= Abortion in Slovenia =

Abortion in Slovenia was legalized for the first time in January 1952 and in its current form in July 1977.

Abortion is available on-demand without further conditions for women whose pregnancies have not exceeded 10 weeks. After the 10th week, it must be approved by a medical committee of the first or second level. From the 22nd week, it is termed stillbirth. The final limit for abortion is 28 weeks. For most women, abortion is free.

Minors do not require parental consent before undergoing an abortion. Parents are usually notified unless the minor is already fully emancipated.

==Legal history==
Abortion was originally legalised in the territory of current Slovenia with a decree (Uredba
o postopku za dovoljeno odpravo plodu) in January 1952.

In April 1969, the Resolution on Family Planning (Resolucija o planiranju družine) defined the politics of voluntary family planning and included abortion as the least desired method of birth control.

In February 1974, the freedom of choice in the birth of children was defined in the federal constitution of Yugoslavia. This provision was the basis for the 1977 Health Measures in Exercising Freedom of Choice in Childbearing Act (Zakon o zdravstvenih ukrepih pri uresničevanju pravice do svobodnega odločanja o rojstvu otrok).

In December 1991, after Slovenia gained independence, a new constitution was adopted which kept the provision in Article 55. According to the Health Services Act (Zakon o zdravstveni dejavnosti) passed in 1992, doctors are allowed to exempt themselves from performing abortions if they disagree with the practice for ethical or religious reasons.

==Constitutional aspect==
Article 55 of the Slovenian constitution reads:

"(Freedom of Choice in Childbearing)

Everyone shall be free to decide whether to bear children.

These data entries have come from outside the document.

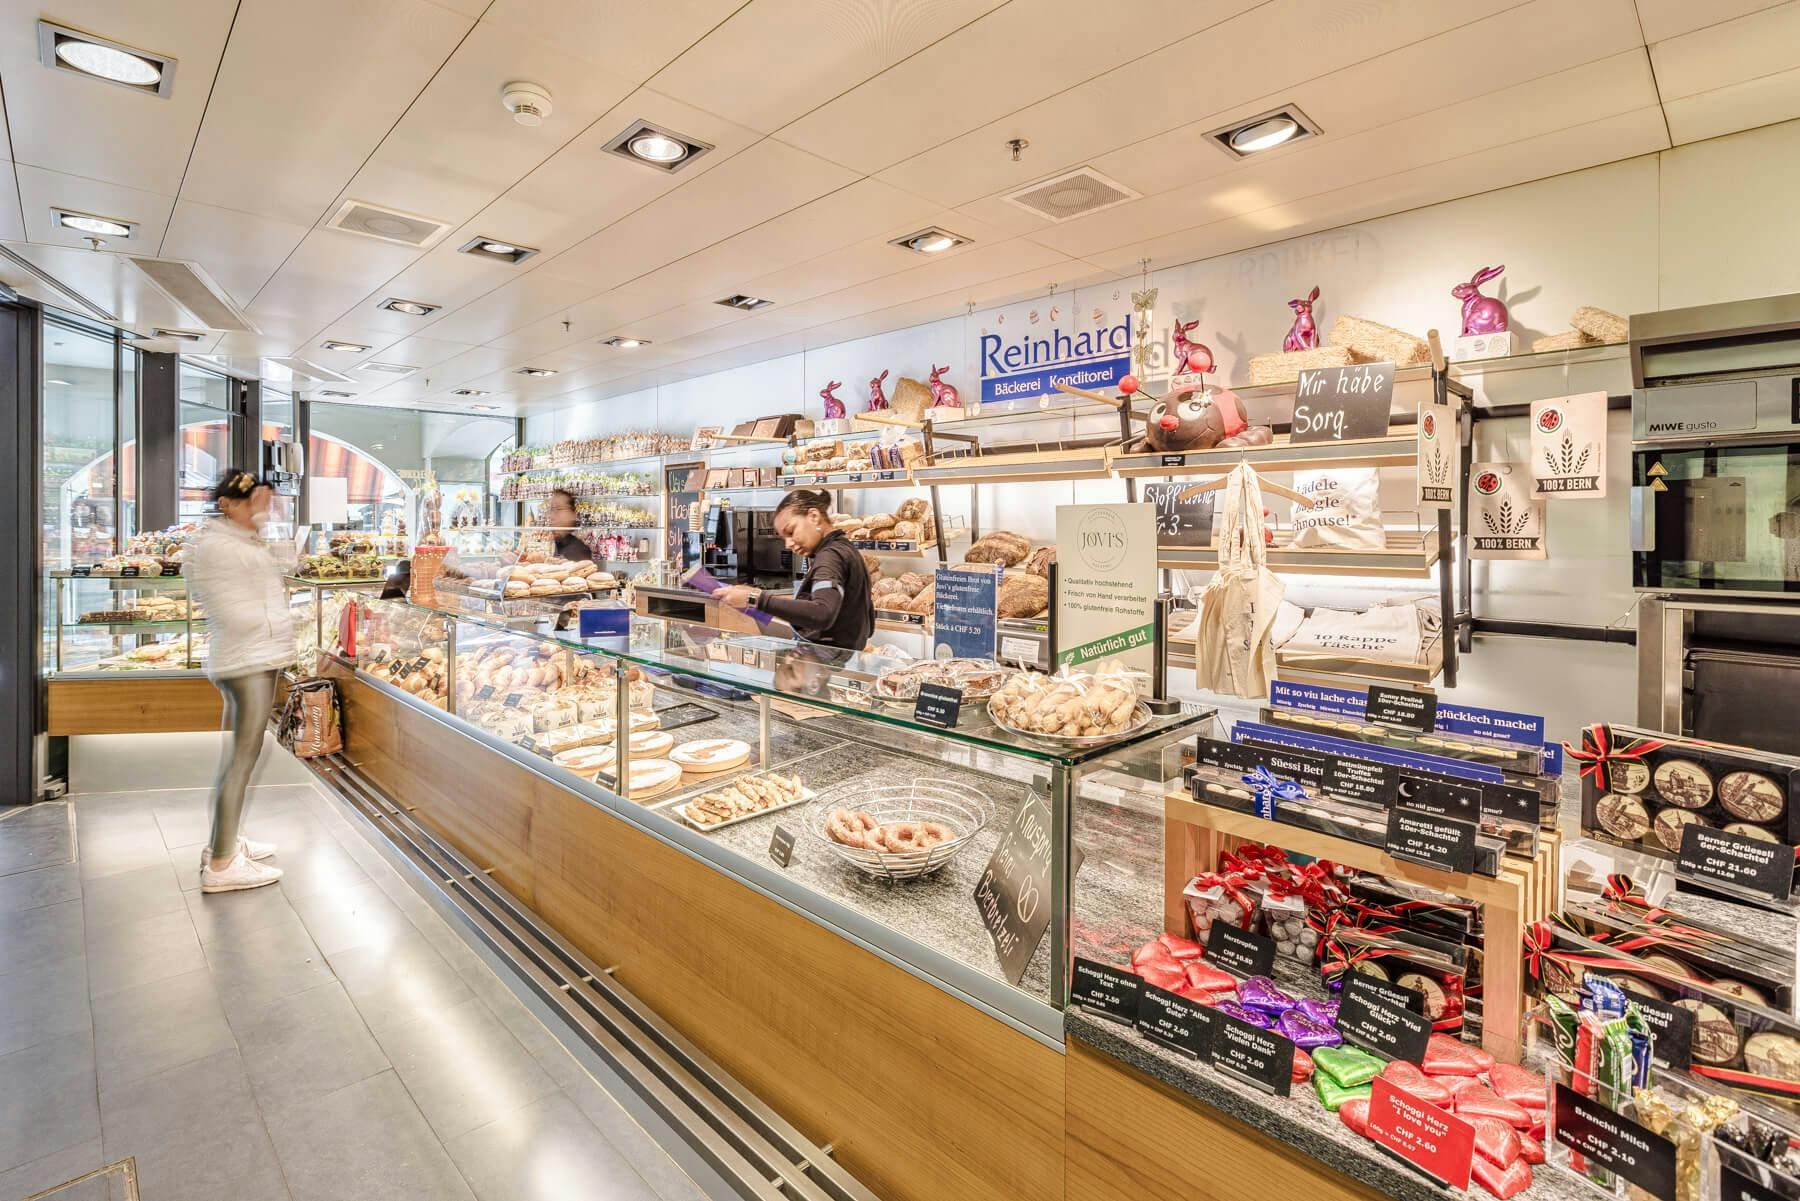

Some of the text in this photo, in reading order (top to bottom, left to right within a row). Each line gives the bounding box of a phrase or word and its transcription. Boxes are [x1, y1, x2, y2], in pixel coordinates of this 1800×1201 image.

[980, 313, 1132, 378] Reinhard
[995, 367, 1114, 396] Bäckerei Konditorei
[1298, 366, 1385, 398] Mir häbe
[1649, 421, 1718, 432] MIWE gusto
[1543, 477, 1592, 491] 100% BERN
[1480, 538, 1532, 549] 100% BERN
[1095, 579, 1133, 588] hochstehend
[1098, 592, 1113, 600] Hand
[1114, 594, 1147, 602] verarbeitet
[1115, 606, 1145, 616] Rohstoffe
[955, 624, 968, 632] CHF
[1080, 629, 1148, 659] Natürlich gut
[1275, 686, 1291, 696] Mit
[1292, 689, 1303, 697] so
[1304, 690, 1318, 700] viu
[1320, 692, 1345, 703] lache
[1436, 709, 1538, 732] glücklech mache!
[1270, 756, 1301, 772] Süessi
[1347, 767, 1372, 777] Truffes
[1333, 770, 1385, 786] 10er-Schachtel
[1340, 781, 1355, 789] CHF
[1399, 816, 1462, 837] Amaretti gefüllt
[1399, 823, 1460, 843] 10er-Schachtel
[1407, 839, 1449, 854] CHF 14.20
[1697, 832, 1776, 859] Berner Grüessli
[1700, 841, 1770, 865] 6er-Schachtel
[1703, 865, 1717, 873] CHF
[1706, 857, 1758, 877] CHF 21.60
[1223, 932, 1259, 952] Herztropfen
[1223, 949, 1236, 958] CHF
[1077, 965, 1137, 990] Schoggi Herz ohne
[1099, 978, 1114, 989] Text
[1090, 990, 1105, 999] CHF
[1353, 978, 1377, 992] Berner
[1378, 986, 1410, 1003] Grüessli
[1144, 990, 1171, 1007] Schoggi
[1172, 1000, 1188, 1014] Herz
[1349, 991, 1380, 1012] Schoggi
[1380, 1007, 1400, 1023] Herz
[1158, 1018, 1189, 1038] CHF 2.60
[1224, 1023, 1276, 1051] Schoggi Herz
[1360, 1020, 1397, 1044] CHF 2.60
[1229, 1050, 1265, 1070] CHF 2.60
[1389, 1094, 1450, 1132] Schoggi Herz
[1403, 1110, 1423, 1127] love
[1574, 1105, 1651, 1152] Branchli Milch
[1390, 1134, 1403, 1144] CHF
[1396, 1125, 1437, 1154] CHF 2.60
[1559, 1127, 1576, 1143] 100g
[1582, 1141, 1597, 1153] CHF
[1586, 1133, 1636, 1166] CHF 2.10

The state shall guarantee the opportunities for exercising this freedom and shall create
such conditions as will enable parents to decide to bear children."

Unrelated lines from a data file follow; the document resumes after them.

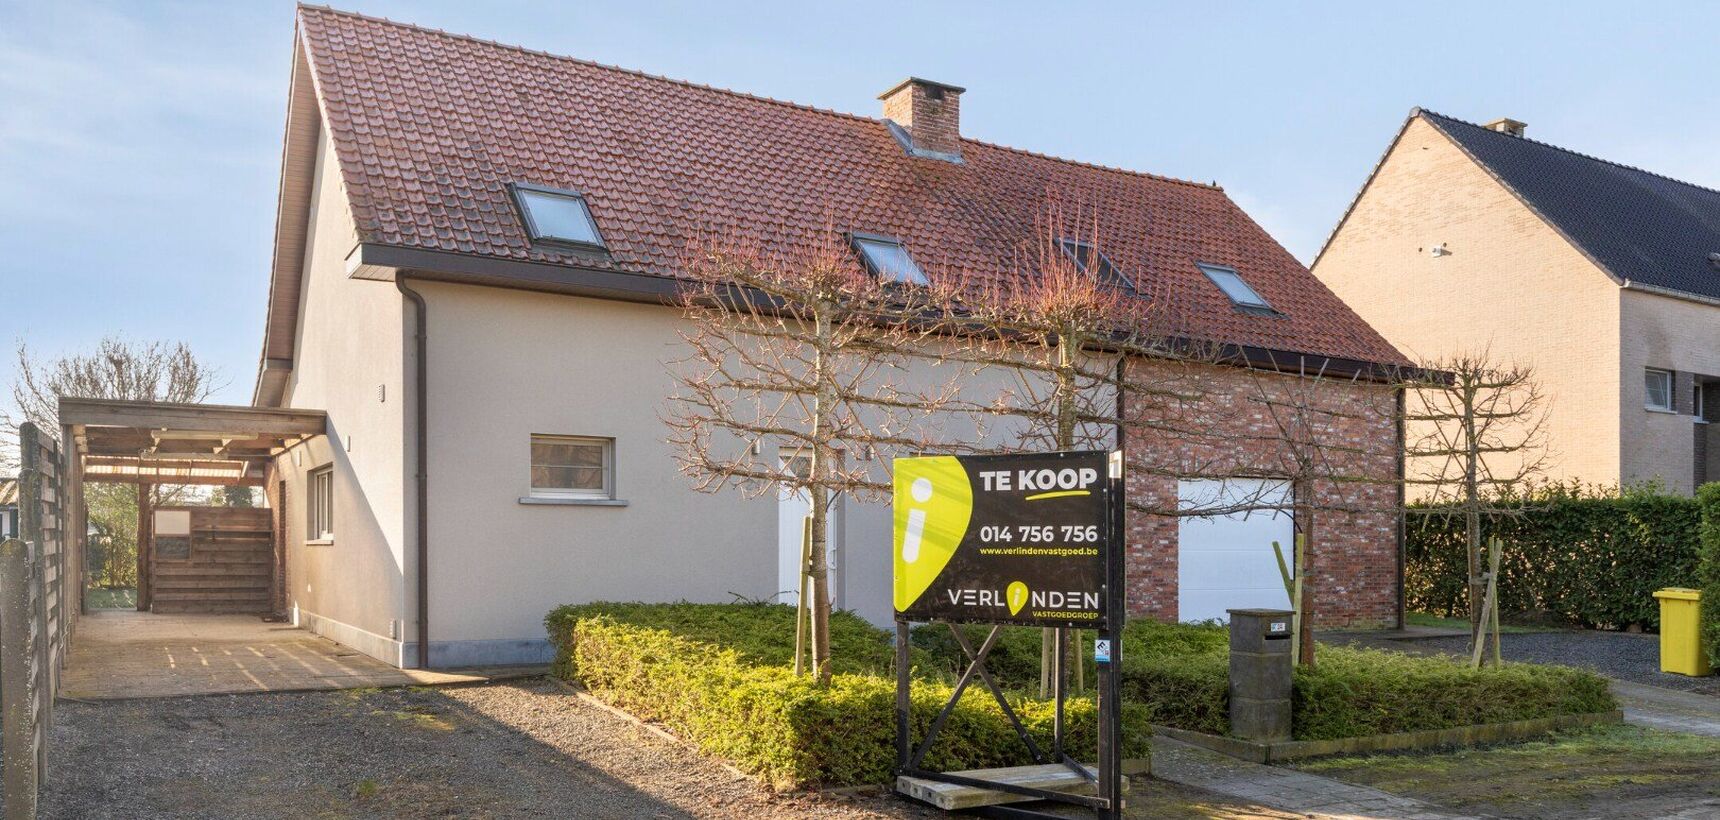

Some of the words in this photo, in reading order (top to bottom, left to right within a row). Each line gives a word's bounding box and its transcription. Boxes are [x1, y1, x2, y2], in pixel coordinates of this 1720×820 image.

[980, 471, 1011, 491] TE
[1019, 468, 1098, 490] KOOP
[980, 526, 1012, 542] 014
[1019, 526, 1054, 542] 756
[1061, 526, 1098, 542] 756
[980, 546, 1098, 556] www.verlindenvastgoed.be
[1032, 611, 1099, 619] VASTGOEDGROEP

Whether this includes the right to abortion is an unresolved question that could only be definitely answered by the Constitutional Court of Slovenia.

==Statistics==
The incidence of abortion in Slovenia has been declining. In 2009, 18% of pregnancies in Slovenia ended in abortion, down from a peak of 41.6% in 1982. As of 2009, the abortion rate was 11.5 abortions per 1000 women aged 15–44 years. In 2017, 3,529 abortions were performed, and in 2022, 2,996 abortions were performed.

==Methods==
Abortion may be surgical or medical. The surgical method is preferred for women prior to the 10th week and those who have already given birth. Medical abortion may be performed in a hospital or under certain conditions at home. Mifepristone (medical abortion) was registered in 2013.